A licença Apache 2.0 e a história de implantação local diferenciam isso de alternativas apenas na nuvem. Múltiplas fontes destacam integração com o analisador de documentos Docling da IBM e suporte de inferência vLLM, sugerindo que isso visa equipes construindo sistemas RAG ou pipelines de documentos automatizados que precisam manter dados on-premises. A contagem de 3B parâmetros torna viável executar localmente enquanto o design LoRA modular significa que você não está carregando pesos de visão para tarefas apenas de texto.

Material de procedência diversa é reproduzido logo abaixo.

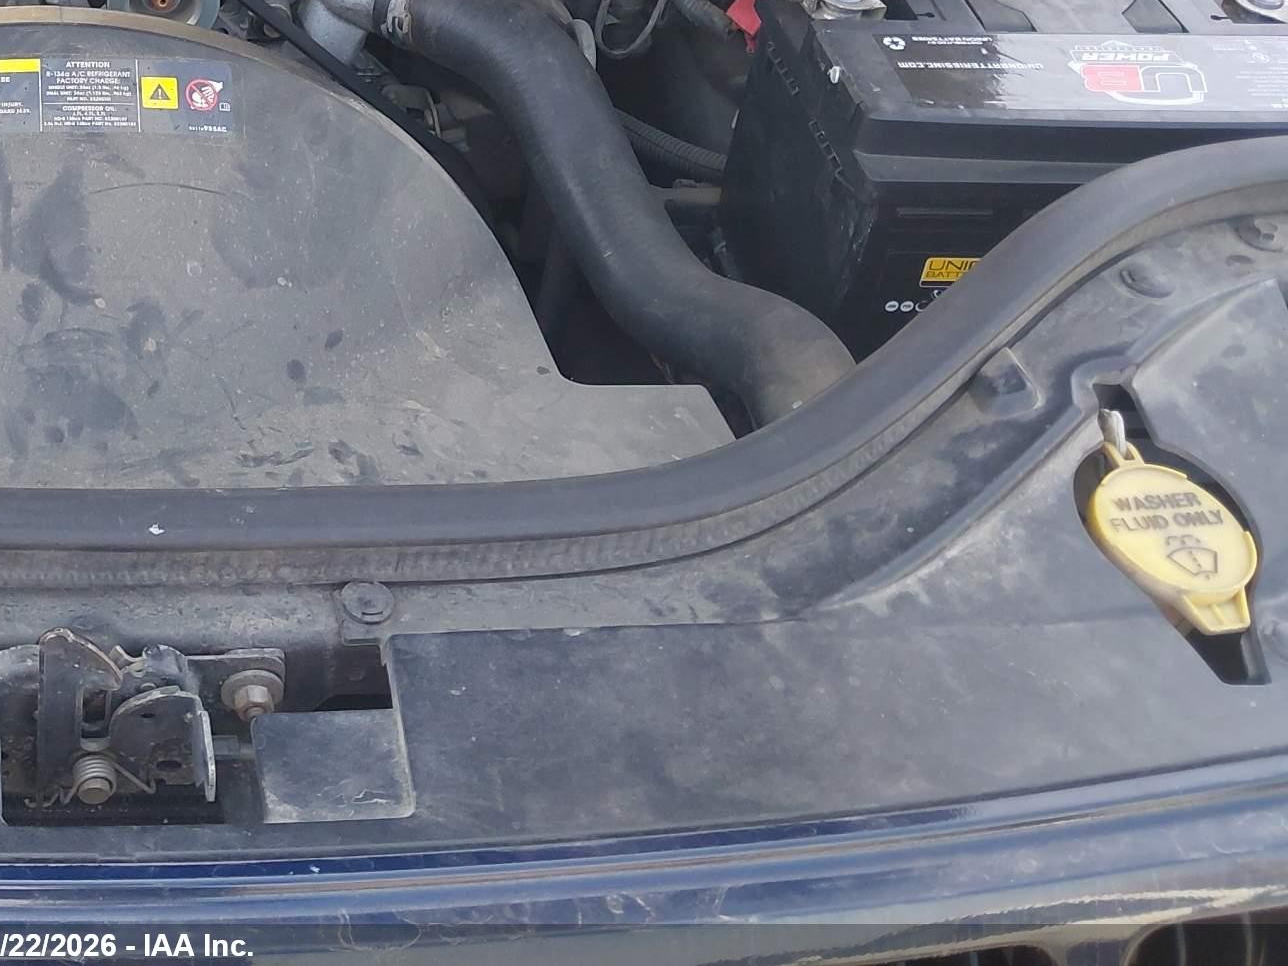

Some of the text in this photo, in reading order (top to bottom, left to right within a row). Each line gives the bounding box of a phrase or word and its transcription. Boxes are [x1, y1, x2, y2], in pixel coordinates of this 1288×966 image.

[1081, 52, 1170, 62] POWER
[87, 70, 131, 78] REFRIGERANT
[1113, 492, 1202, 511] WASHER
[1110, 510, 1224, 531] FLUID ONLY

Para desenvolvedores lidando com processamento de documentos empresariais, isso pode ser significativo. A maioria das soluções existentes usam chamadas API caras para modelos de ponta ou lutam com a precisão de extração estruturada que fluxos de trabalho empresariais demandam. Um modelo executável localmente, licenciado Apache, que realmente lida com tabelas e gráficos complexos adequadamente preenche uma lacuna real—assumindo que entrega nas afirmações de precisão da IBM.